Dietary intakes of children were assessed through the 24-hour recall method. Each recall was completed by a registered dietitian with the parent or main caregiver and with the childcare centre's educator(s) and cook if the child had attended daycare during the day of the recall. Respondents were asked to provide a complete list of all foods and beverages consumed by the child during the 24-hour reference period. Information on cooking methods and brand names were obtained whenever possible. When necessary, dietitians used information on products available at the local grocery store (e.g. brand name, package size) to complete the 24-hour recalls. Three-dimensional graduated food model kits from Santé Québec were used to better standardise recalls. For interviews at the childcare centres, dietitians first met the cook to know which foods were served and then met the child's educator(s) to know which foods he/she ate and the portion size. When the research team was not able to see someone at the childcare centre who could recall the quantity of foods consumed by the child or his/her usual portion size, the standard portion served according to the menu was imputed (n=11). Of the 245 children who were recruited, 28 of them were excluded from the analyses because the 24-hour dietary recall was not done or was incomplete (n=27) or the child was too sick and hardly ate any food (n=1). Thus, a total of 217 complete 24-hour dietary recalls were analysed. A second dietary recall was completed for half of the participants but they are not included in the present analyses. Nutritional supplements were not included in the dietary recalls.
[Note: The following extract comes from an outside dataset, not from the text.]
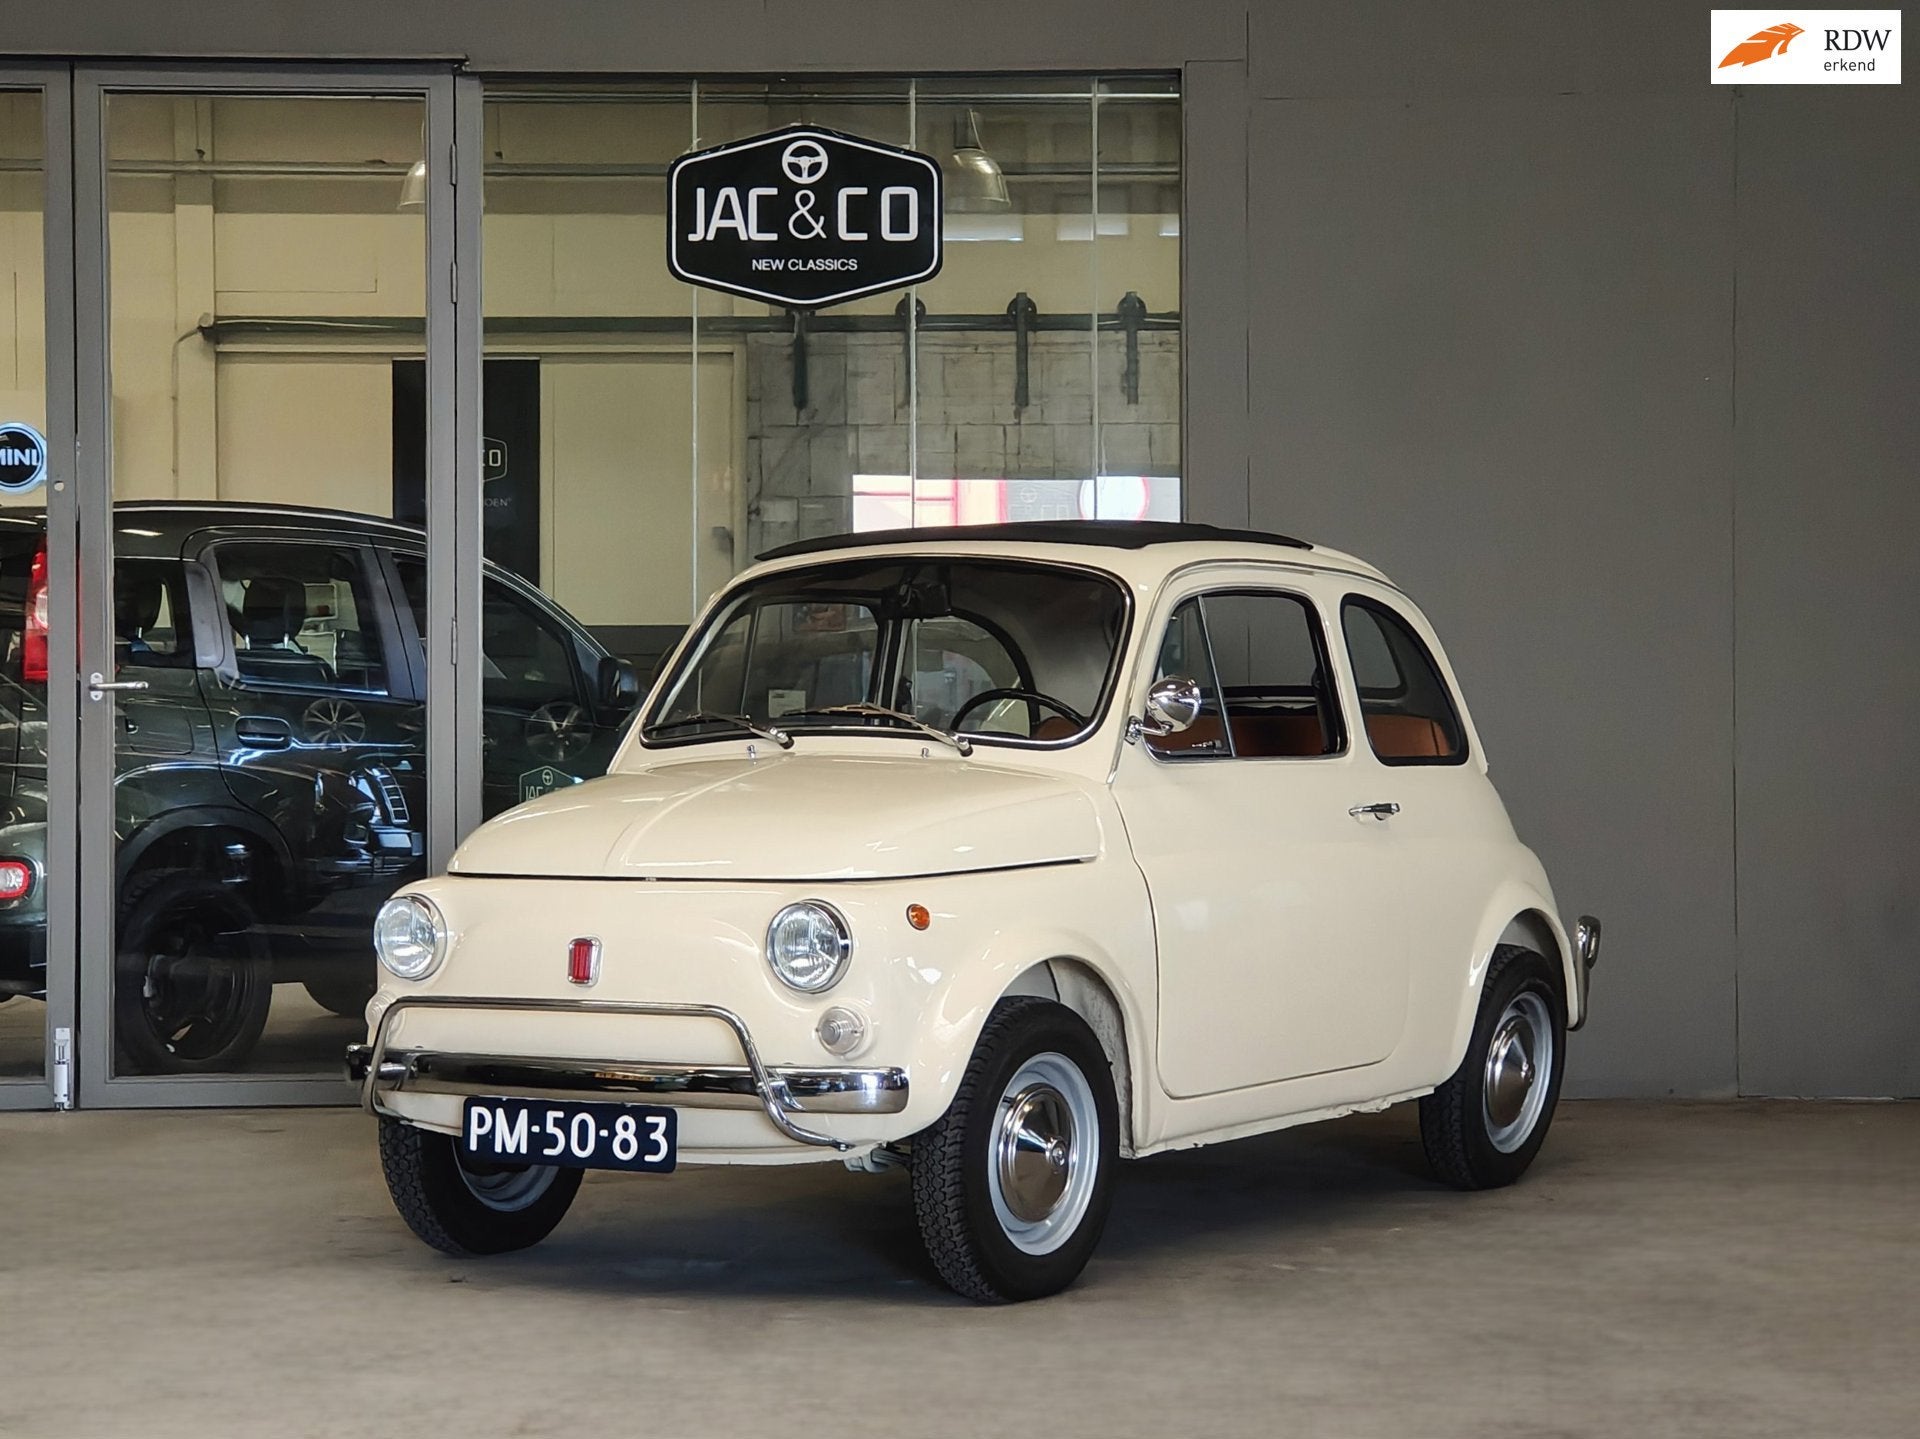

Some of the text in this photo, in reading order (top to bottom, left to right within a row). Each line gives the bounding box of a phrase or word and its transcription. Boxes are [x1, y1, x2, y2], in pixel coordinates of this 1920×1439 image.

We did not randomly assign the days of data collection between each childcare centre due to logistic limitations. However, all days of the week were almost equally represented with a proportion of 12–20% except for Friday (2%). Nunavik childcare centres are closed over the weekend, making it impossible to meet the staff on Saturday to obtain the foods consumed on Friday. Also, we did not want to collect Friday's intake on Monday as this would have introduced a greater memory bias. The 4 children (2%) for whom we have a dietary recall on Friday had not attended childcare that day or their mother was their educator at the childcare and could recall the foods consumed by her child.
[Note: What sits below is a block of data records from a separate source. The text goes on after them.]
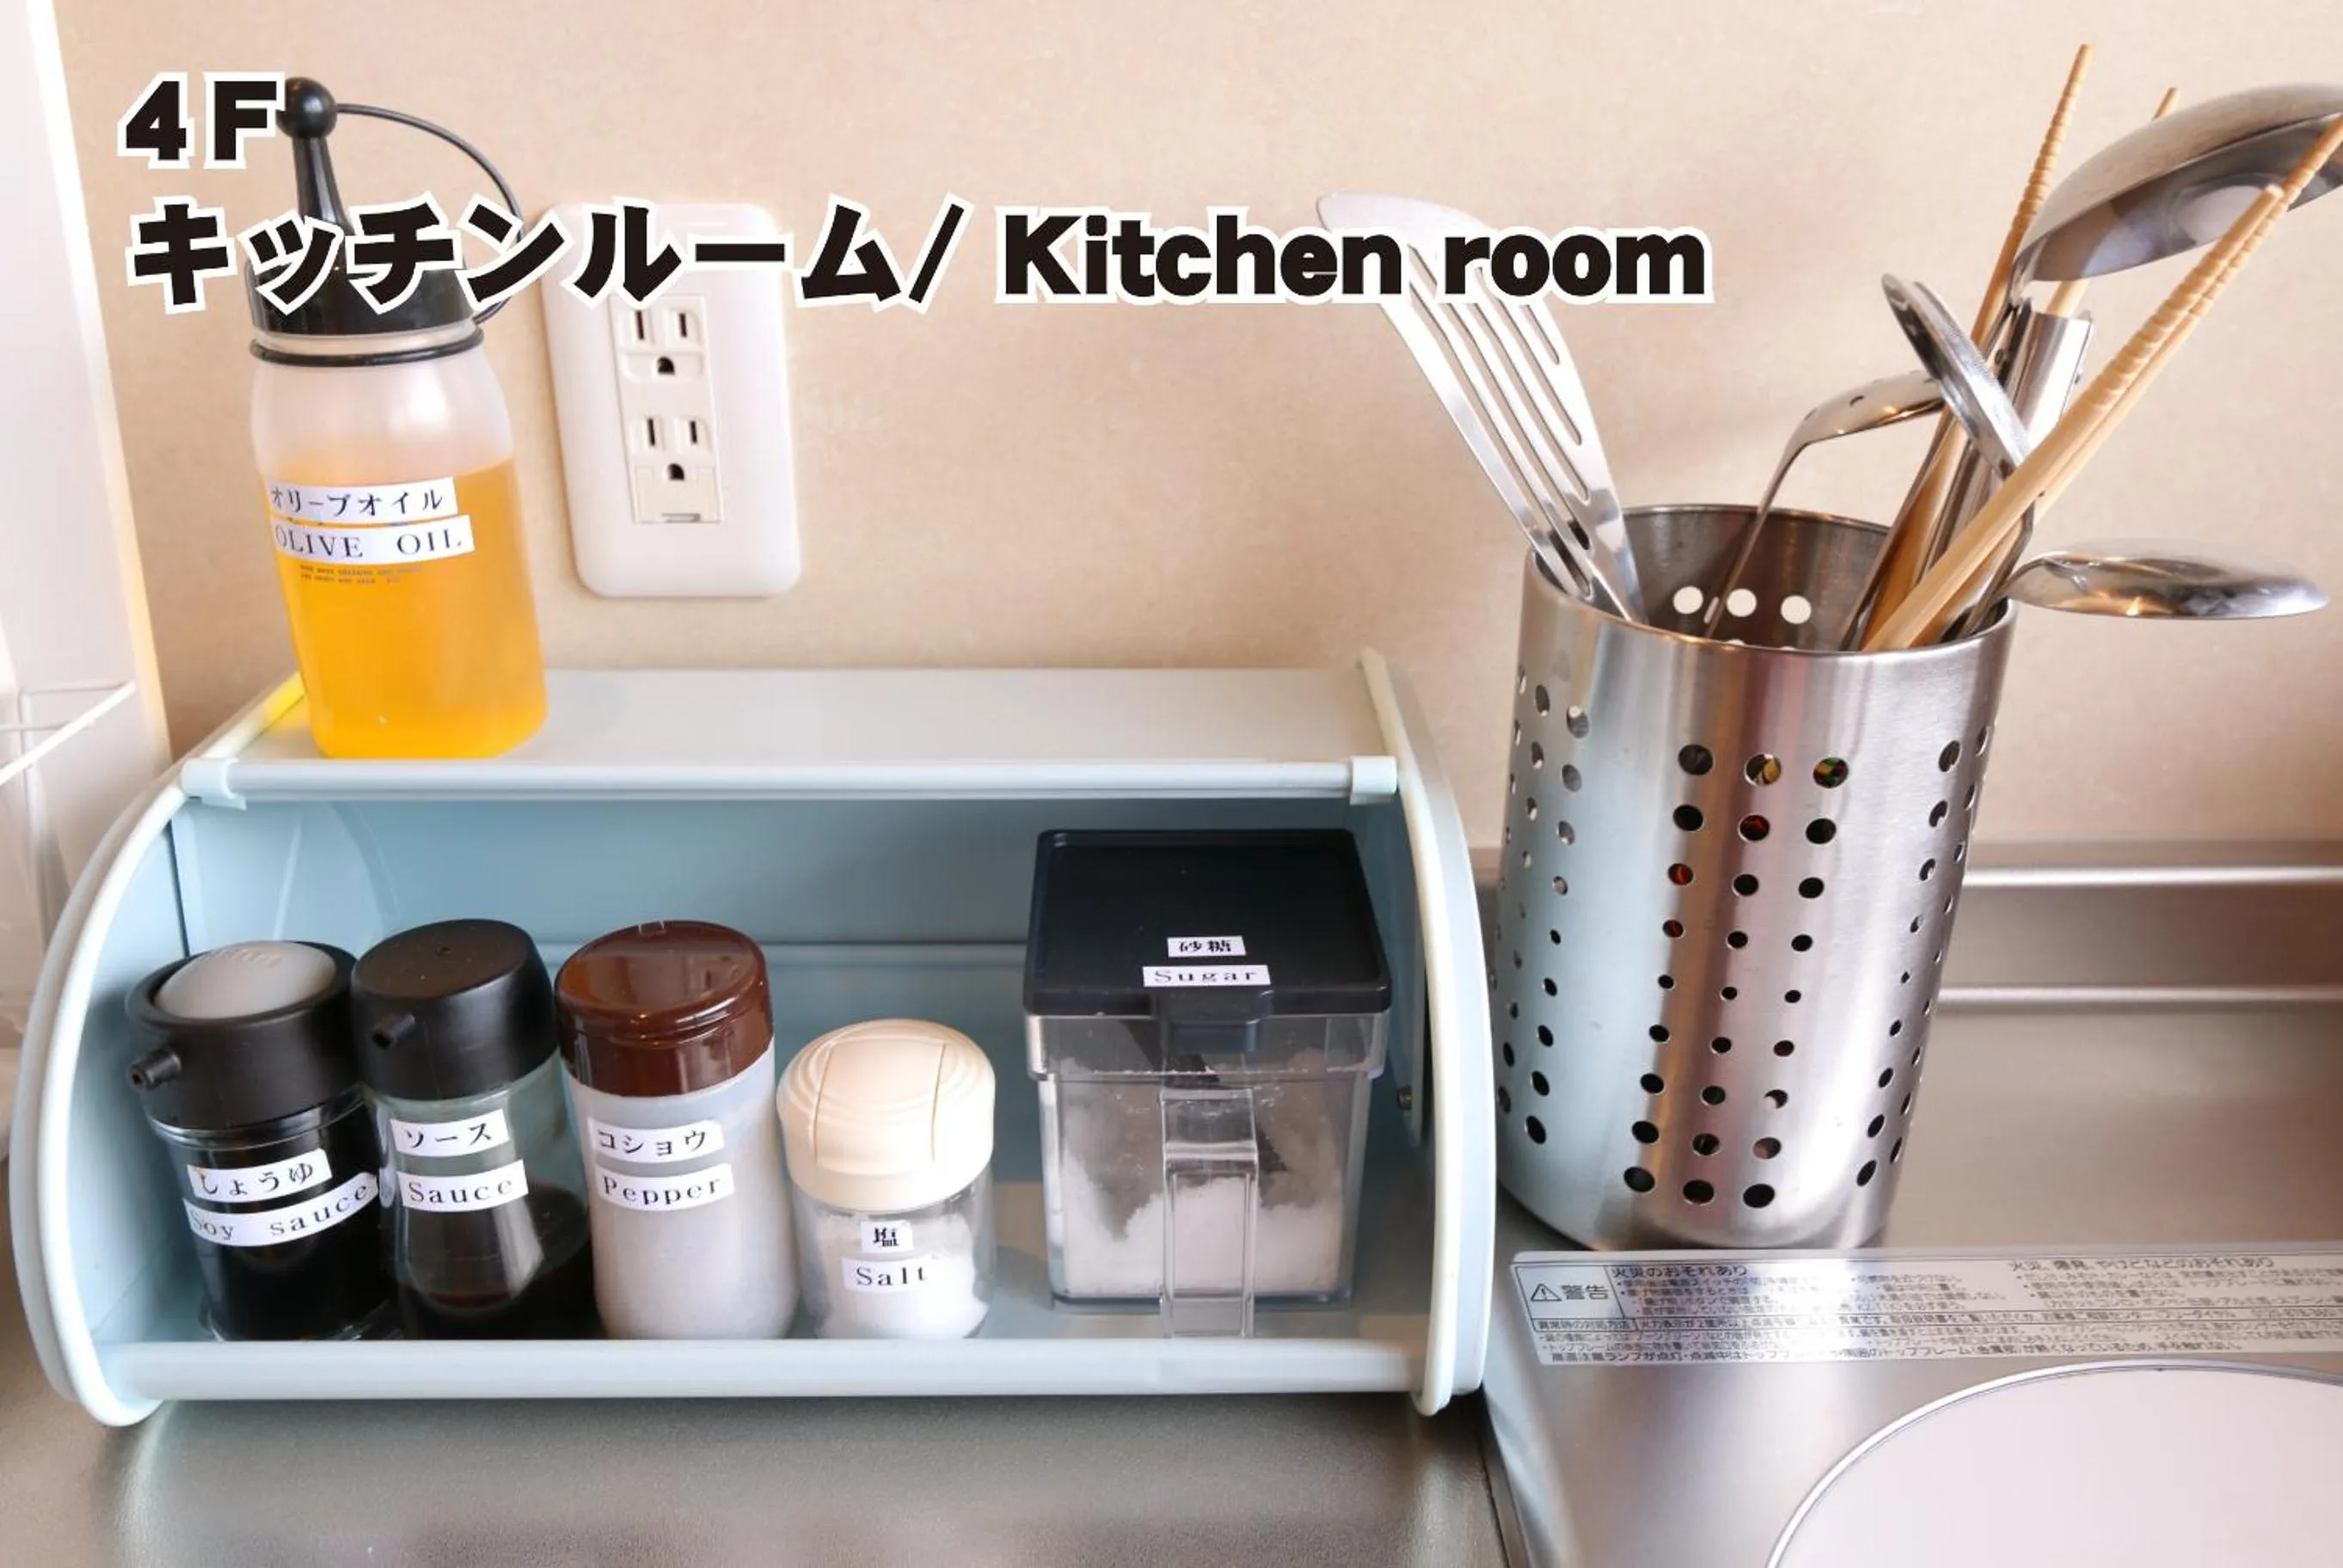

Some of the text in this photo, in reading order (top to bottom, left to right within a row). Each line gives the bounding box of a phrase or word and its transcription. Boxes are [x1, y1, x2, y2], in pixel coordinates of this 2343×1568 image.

[274, 523, 463, 559] OLIVE OIL
[1178, 939, 1233, 953] 砂糖
[1154, 970, 1257, 983] Sugar
[405, 1121, 494, 1149] ソース
[597, 1128, 708, 1157] コショウ
[198, 1161, 315, 1197] しょうゆ
[408, 1177, 513, 1204] Sauce
[603, 1175, 722, 1206] Pepper
[191, 1183, 369, 1241] Soy sauce
[872, 1227, 900, 1247] 塩
[856, 1265, 929, 1287] Salt
[1561, 1283, 1609, 1302] 警告
Computerization of the 24-hour dietary recalls was done by registered dietitians at the Institut National de Santé Publique du Québec (INSPQ, Québec City). All recalls obtained between 2006 and 2009 were double-checked for coding or data-entry errors by a different dietitian from the INSPQ. Data obtained in 2010 were not double-checked due to a lack of personnel. However, with the experience of the 4 previous years, coding or data entry errors were most likely minimal. Data entry was performed using Micro Gesta software (14). This software relies on the Canadian Nutrient File (15) for the nutrient content of foods. All recipes served in childcare centres were added to the database using nutrient and humidity loss based on standard recipes from the US Department of Agriculture. The nutrient content of infant formulas and some new products was added manually into the database according to the information provided by manufacturers.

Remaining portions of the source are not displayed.